- **Task objective**
Pictures do not belong in your copy. Repeat all the other data exactly.

- **Exercise material**
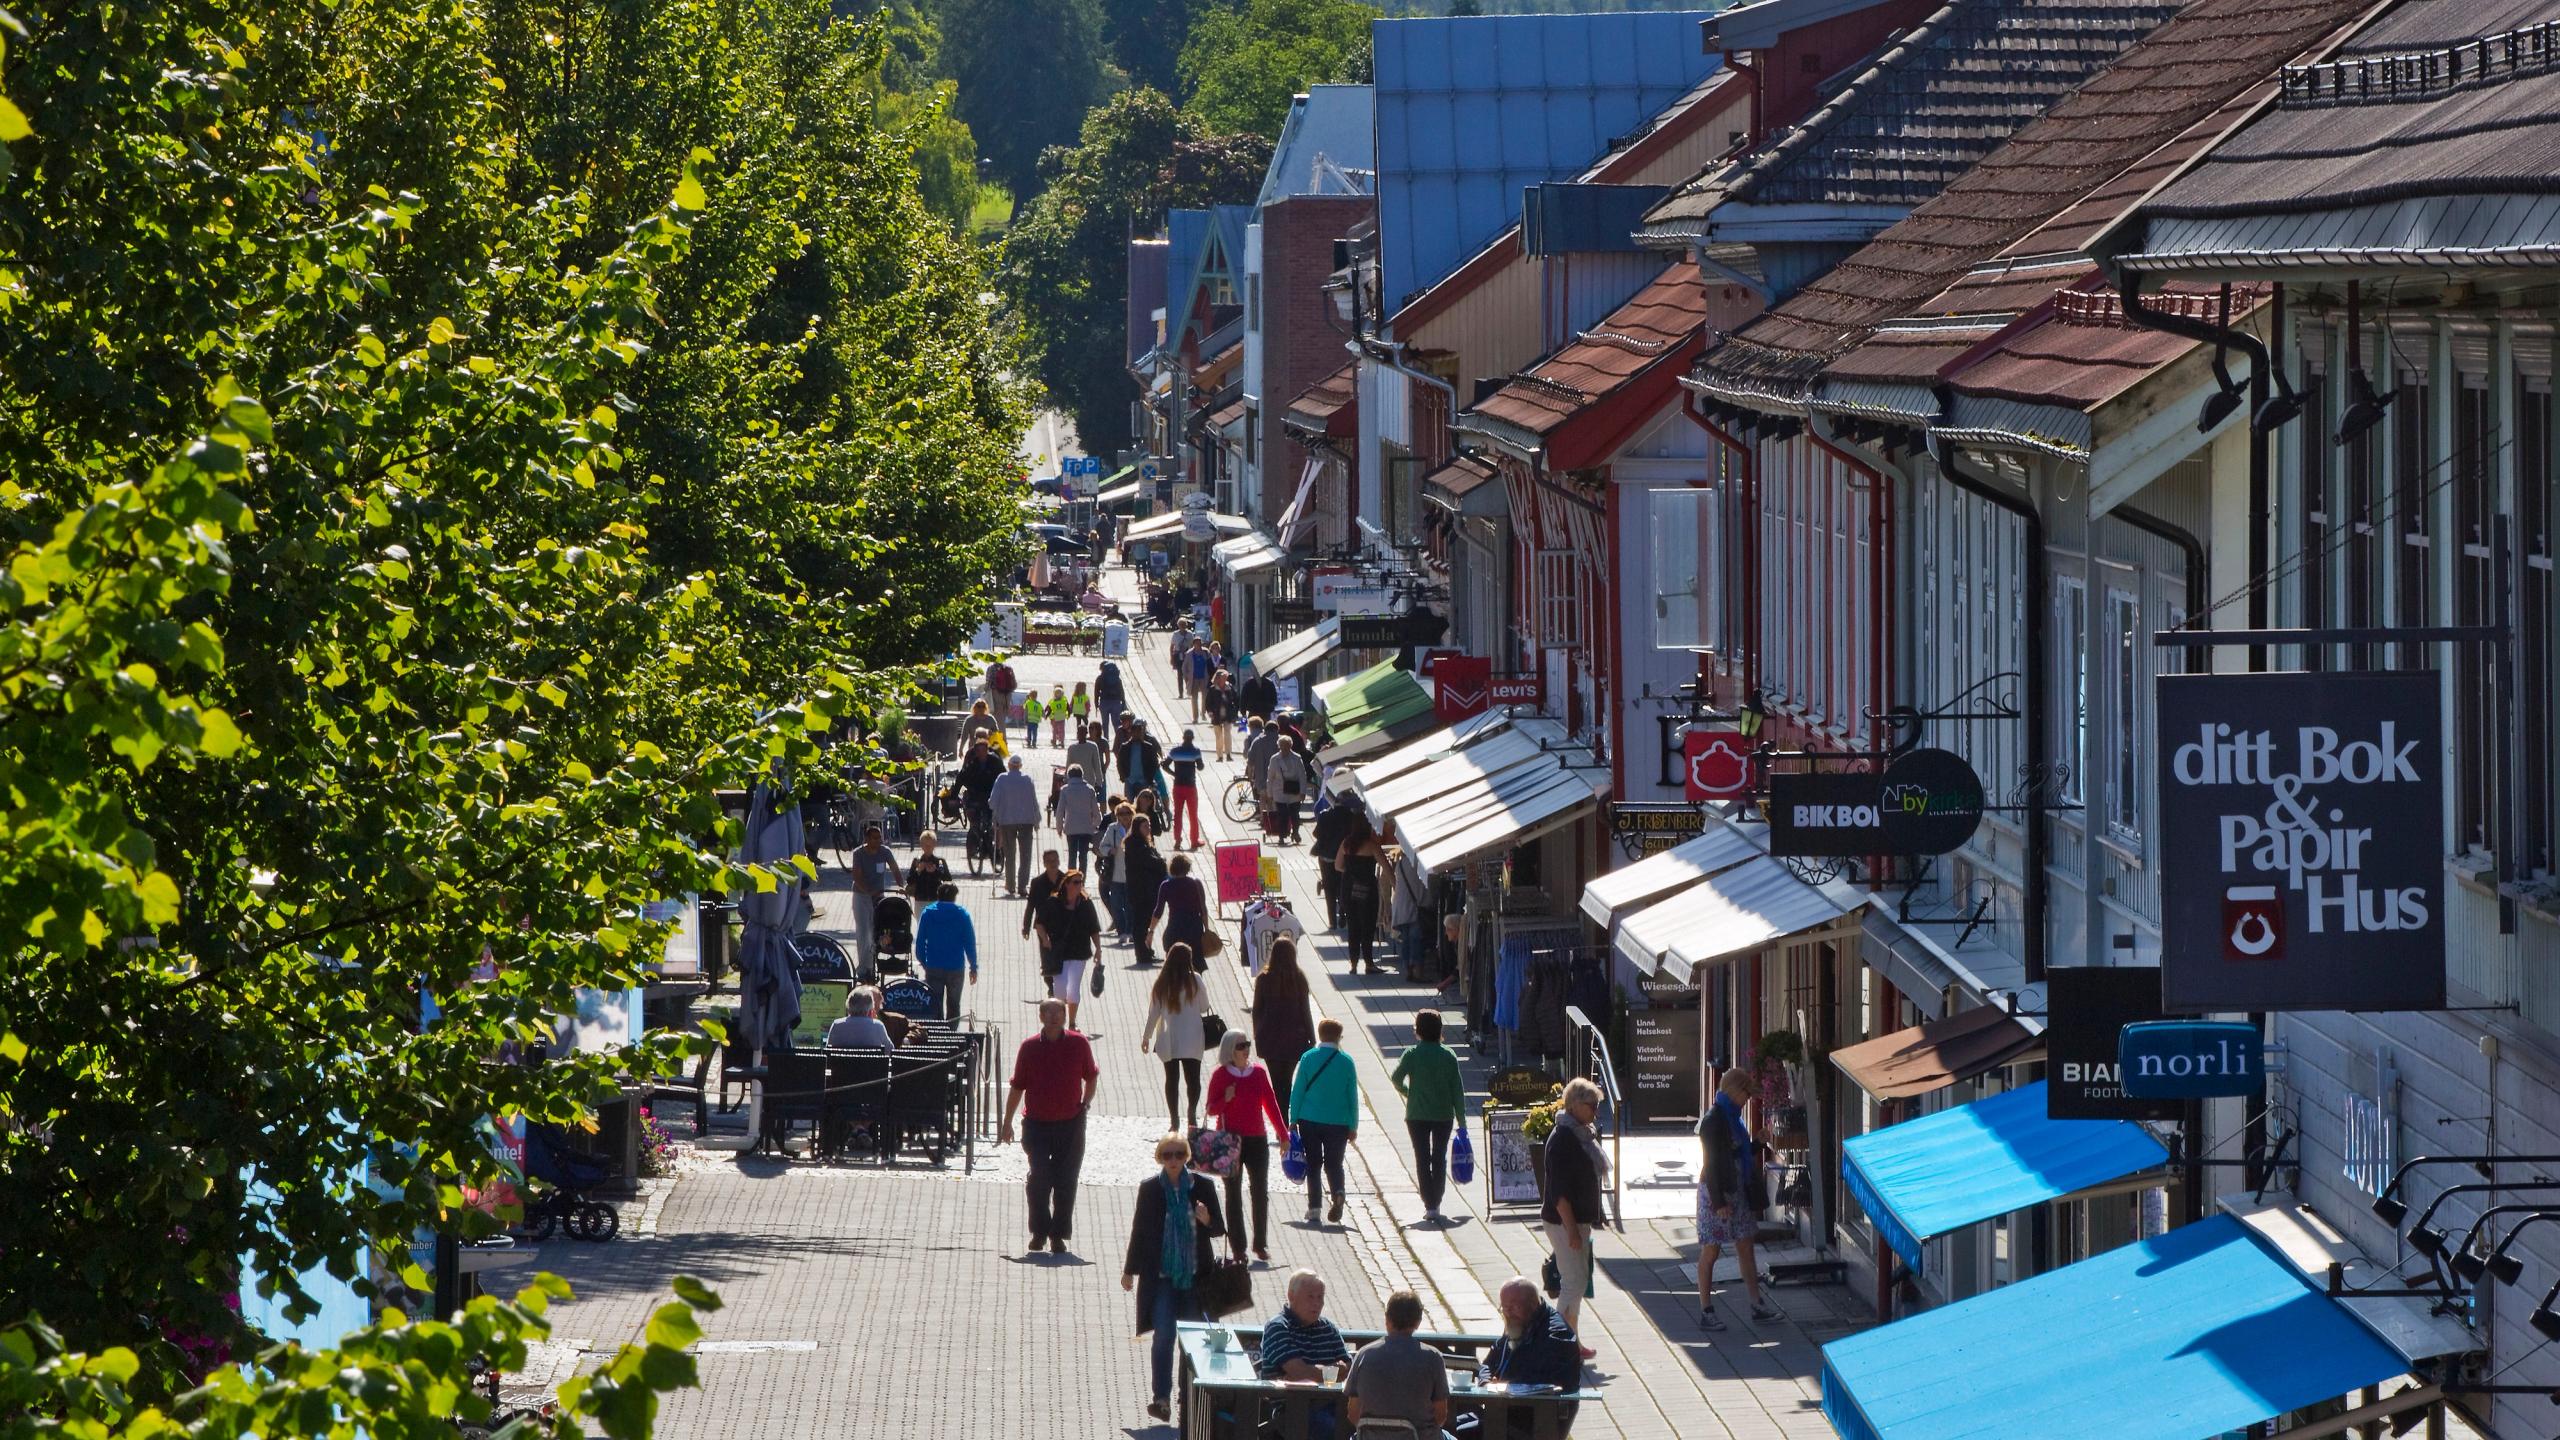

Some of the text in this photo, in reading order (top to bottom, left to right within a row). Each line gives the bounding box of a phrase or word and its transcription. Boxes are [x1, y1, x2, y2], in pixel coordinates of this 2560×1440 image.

[2173, 720, 2422, 785] ditt Bok
[1793, 805, 1835, 828] BIK
[2264, 773, 2320, 830] &
[2219, 808, 2372, 890] Papir
[2306, 874, 2429, 933] Hus
[798, 945, 843, 968] SCANA
[886, 988, 932, 1006] OSCANA
[2137, 1040, 2249, 1076] norli
[1491, 1121, 1522, 1132] diam
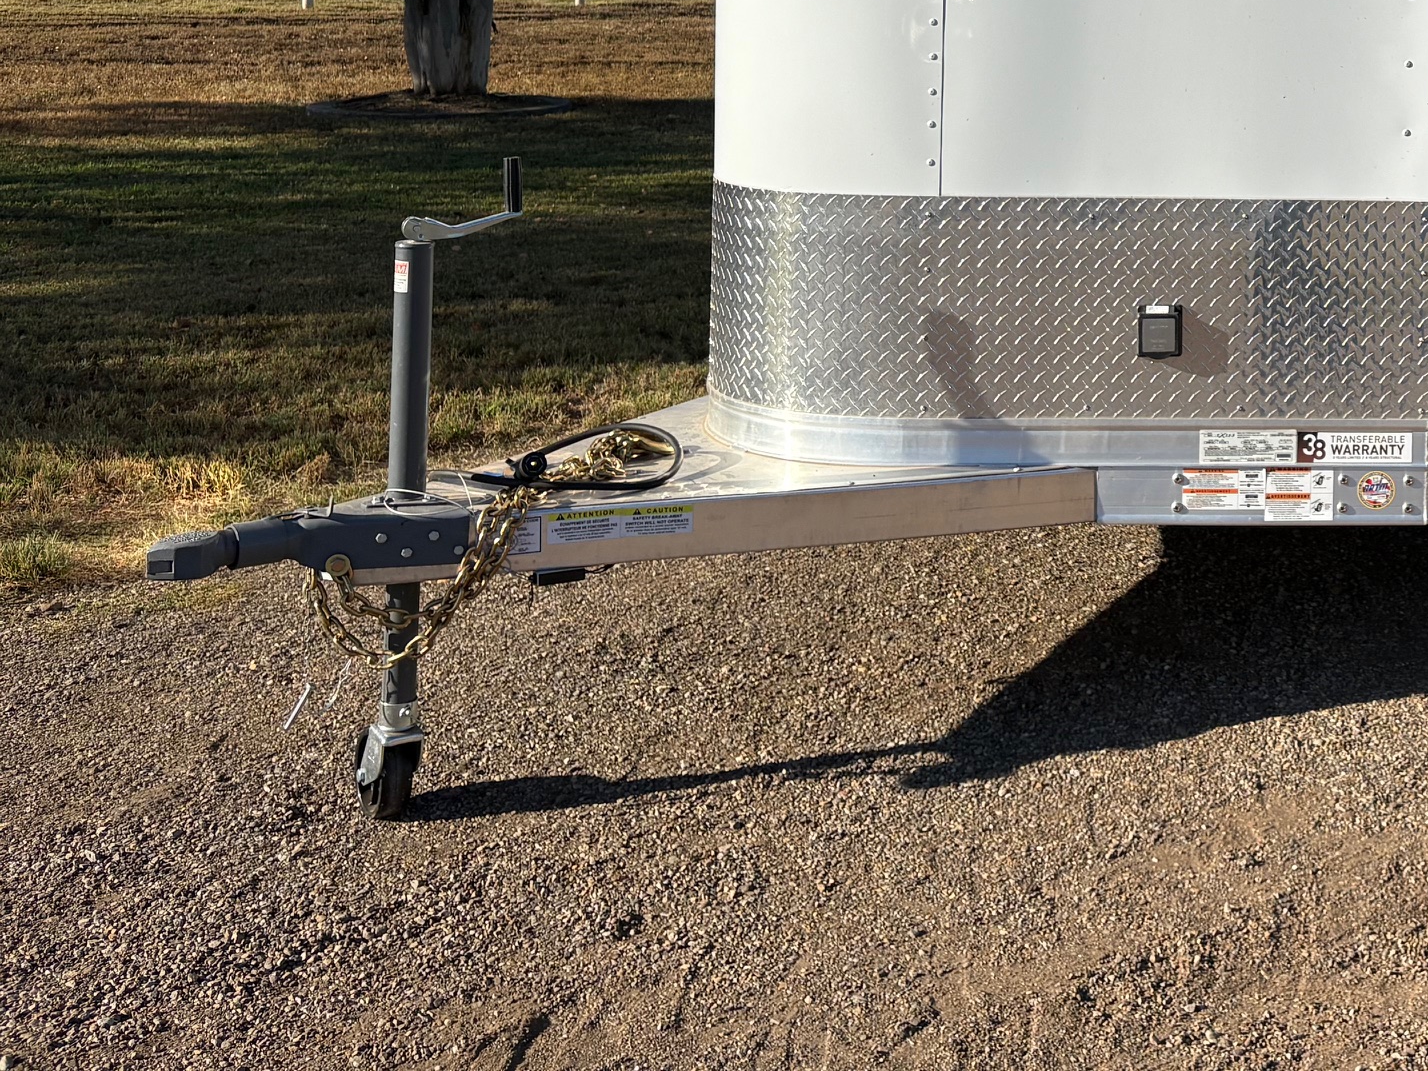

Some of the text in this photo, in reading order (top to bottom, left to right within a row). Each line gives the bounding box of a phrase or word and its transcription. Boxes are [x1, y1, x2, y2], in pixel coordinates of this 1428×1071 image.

[1330, 435, 1405, 443] TRANSFERABLE
[1330, 444, 1405, 455] WARRANTY
[567, 510, 615, 519] ATTENTION
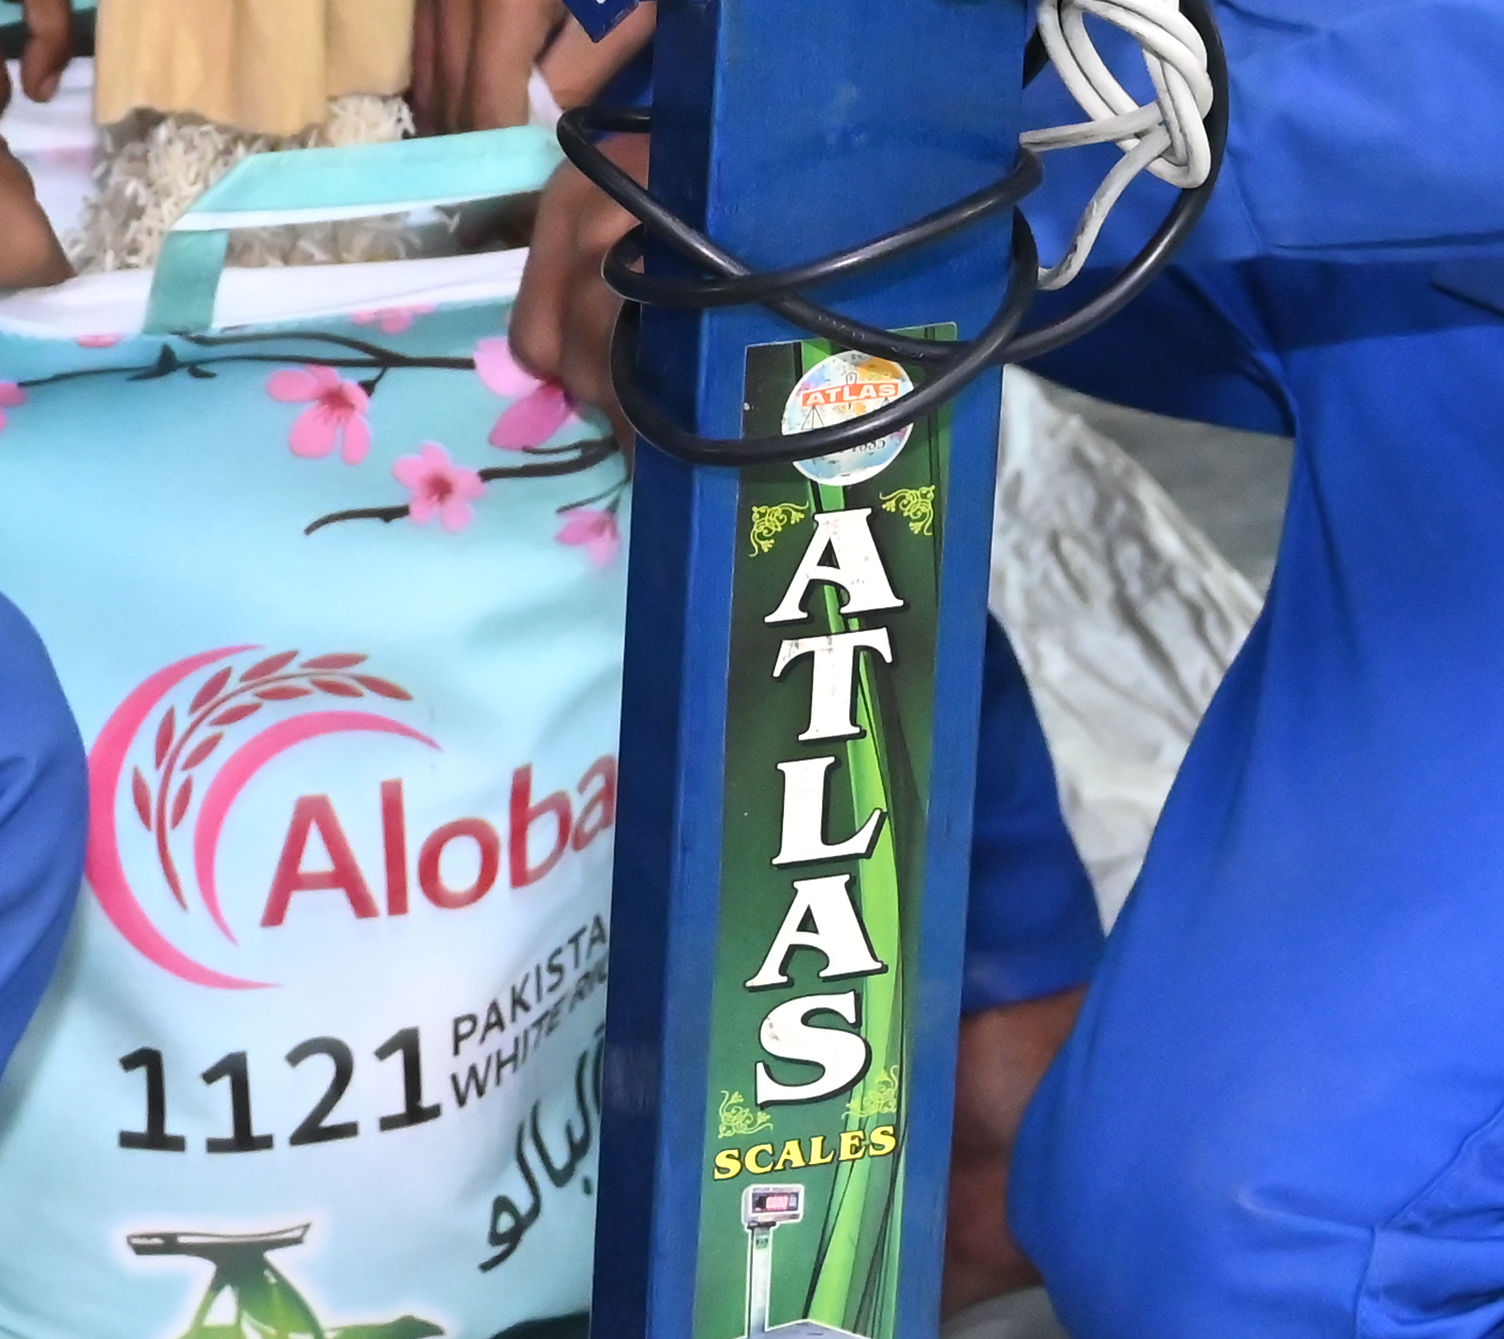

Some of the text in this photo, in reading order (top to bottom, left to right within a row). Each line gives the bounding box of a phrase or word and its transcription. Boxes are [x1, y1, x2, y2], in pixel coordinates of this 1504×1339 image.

[805, 383, 896, 406] ATLAS
[259, 754, 617, 928] Aloba
[744, 507, 904, 1107] ATLAS
[451, 914, 607, 1057] PAKISTA
[118, 1026, 442, 1154] 1121
[450, 995, 566, 1109] WHITE
[713, 1125, 897, 1180] SCALES

- **Written response**
Some of the text in this photo, in reading order (top to bottom, left to right within a row). Each line gives the bounding box of a phrase or word and its transcription. Boxes are [x1, y1, x2, y2], in pixel coordinates of this 2560×1440 image.

[2173, 720, 2422, 785] ditt Bok
[1793, 805, 1835, 828] BIK
[2264, 773, 2320, 830] &
[2219, 808, 2372, 890] Papir
[2306, 874, 2429, 933] Hus
[798, 945, 843, 968] SCANA
[886, 988, 932, 1006] OSCANA
[2137, 1040, 2249, 1076] norli
[1491, 1121, 1522, 1132] diam

Some of the text in this photo, in reading order (top to bottom, left to right within a row). Each line gives the bounding box of a phrase or word and its transcription. Boxes are [x1, y1, x2, y2], in pixel coordinates of this 1428×1071 image.

[1330, 435, 1405, 443] TRANSFERABLE
[1330, 444, 1405, 455] WARRANTY
[567, 510, 615, 519] ATTENTION

Some of the text in this photo, in reading order (top to bottom, left to right within a row). Each line gives the bounding box of a phrase or word and its transcription. Boxes are [x1, y1, x2, y2], in pixel coordinates of this 1504×1339 image.

[805, 383, 896, 406] ATLAS
[259, 754, 617, 928] Aloba
[744, 507, 904, 1107] ATLAS
[451, 914, 607, 1057] PAKISTA
[118, 1026, 442, 1154] 1121
[450, 995, 566, 1109] WHITE
[713, 1125, 897, 1180] SCALES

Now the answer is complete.